Required action
Repeat the records below exactly as they appear, leaving out any pictures.

Listed records

◇ ◇ ◇ ◇ ◇

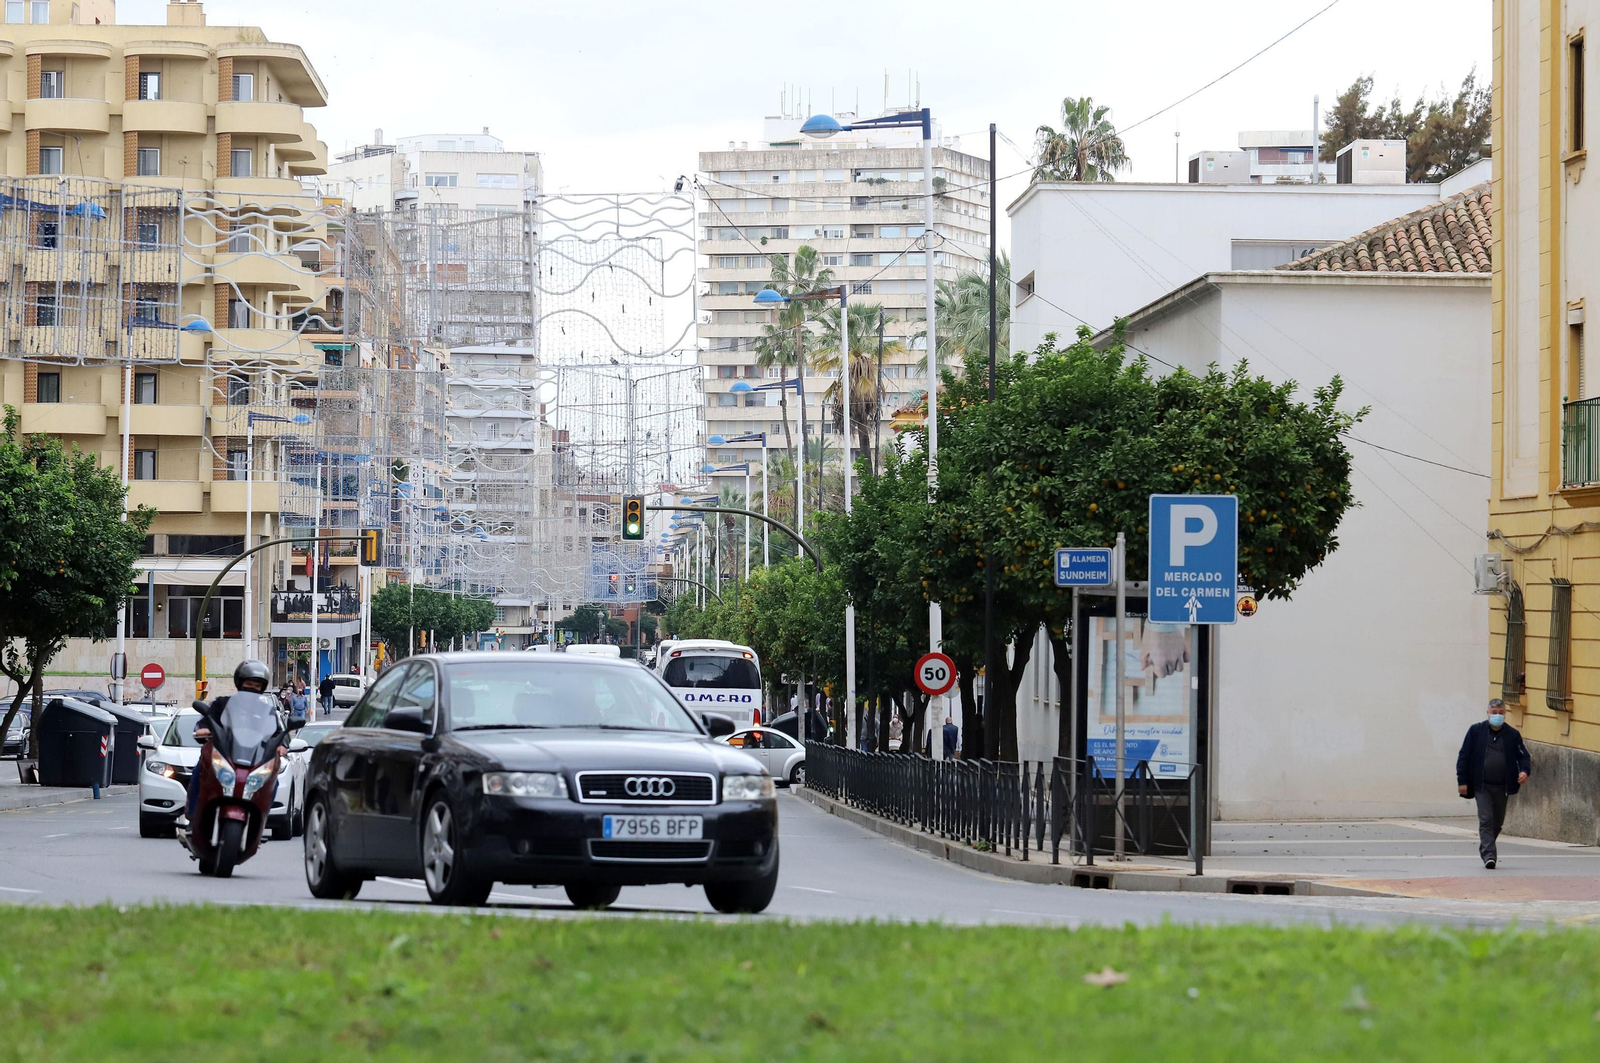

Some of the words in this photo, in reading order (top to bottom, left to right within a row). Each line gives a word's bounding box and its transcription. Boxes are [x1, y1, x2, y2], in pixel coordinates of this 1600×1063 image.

[1169, 504, 1218, 567] P
[1071, 555, 1106, 563] ALAMEDA
[1059, 571, 1107, 580] SUNDHEIM
[1164, 572, 1222, 582] MERCADO
[1156, 587, 1178, 597] DEL
[1181, 587, 1230, 597] CARMEN
[924, 667, 946, 681] 50
[684, 693, 752, 703] OMERO
[615, 819, 660, 835] 7956
[667, 819, 699, 836] BFP
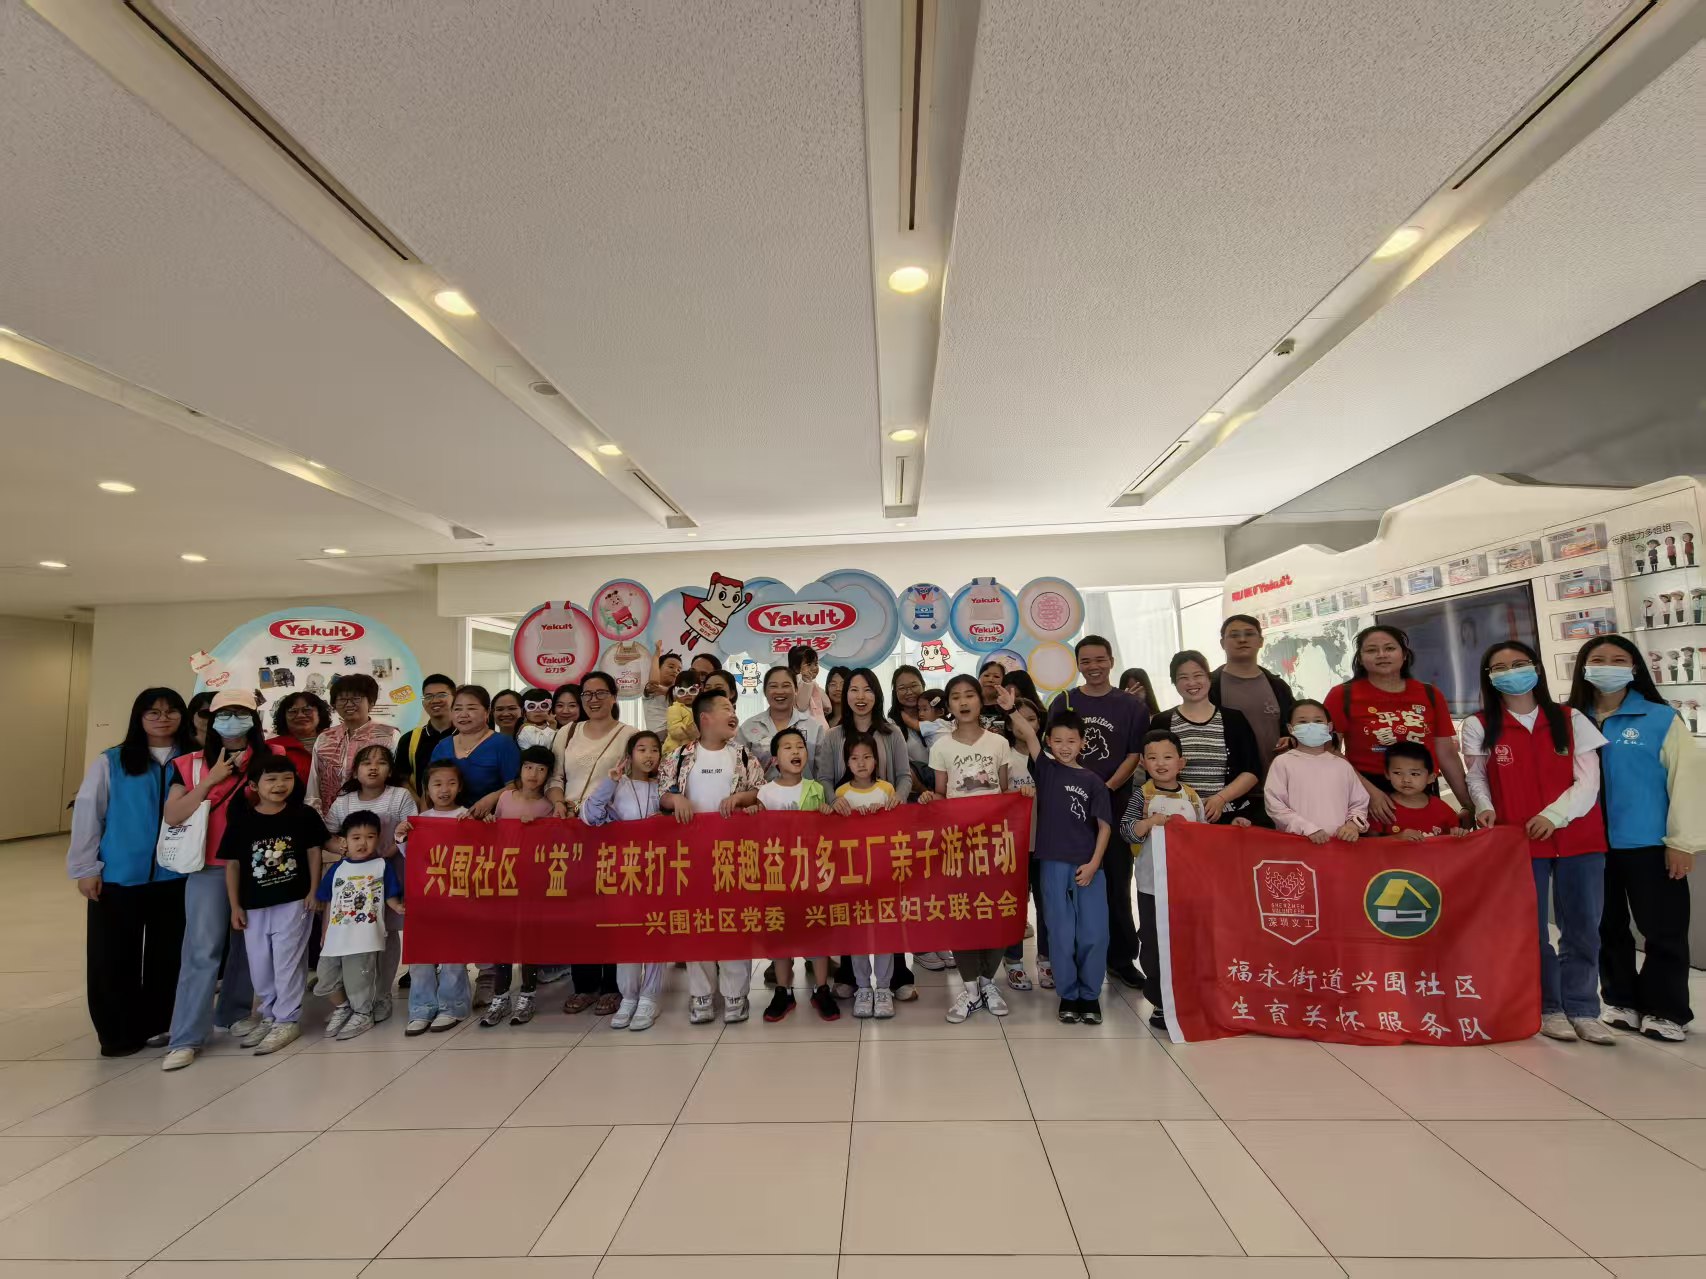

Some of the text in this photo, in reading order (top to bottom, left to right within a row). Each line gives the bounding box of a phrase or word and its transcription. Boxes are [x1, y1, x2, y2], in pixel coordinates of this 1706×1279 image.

◇ ◇ ◇ ◇ ◇

Answer area
Some of the words in this photo, in reading order (top to bottom, left to right within a row). Each line gives a word's bounding box and its transcription. Boxes are [x1, y1, x2, y2], in pixel coordinates of this 1600×1063 image.

[1169, 504, 1218, 567] P
[1071, 555, 1106, 563] ALAMEDA
[1059, 571, 1107, 580] SUNDHEIM
[1164, 572, 1222, 582] MERCADO
[1156, 587, 1178, 597] DEL
[1181, 587, 1230, 597] CARMEN
[924, 667, 946, 681] 50
[684, 693, 752, 703] OMERO
[615, 819, 660, 835] 7956
[667, 819, 699, 836] BFP

Some of the text in this photo, in reading order (top to bottom, left to right within a row). Each line gives the bounding box of a phrase or word and its transcription. Boxes are [x1, y1, x2, y2], in pixel coordinates of this 1706×1279 image.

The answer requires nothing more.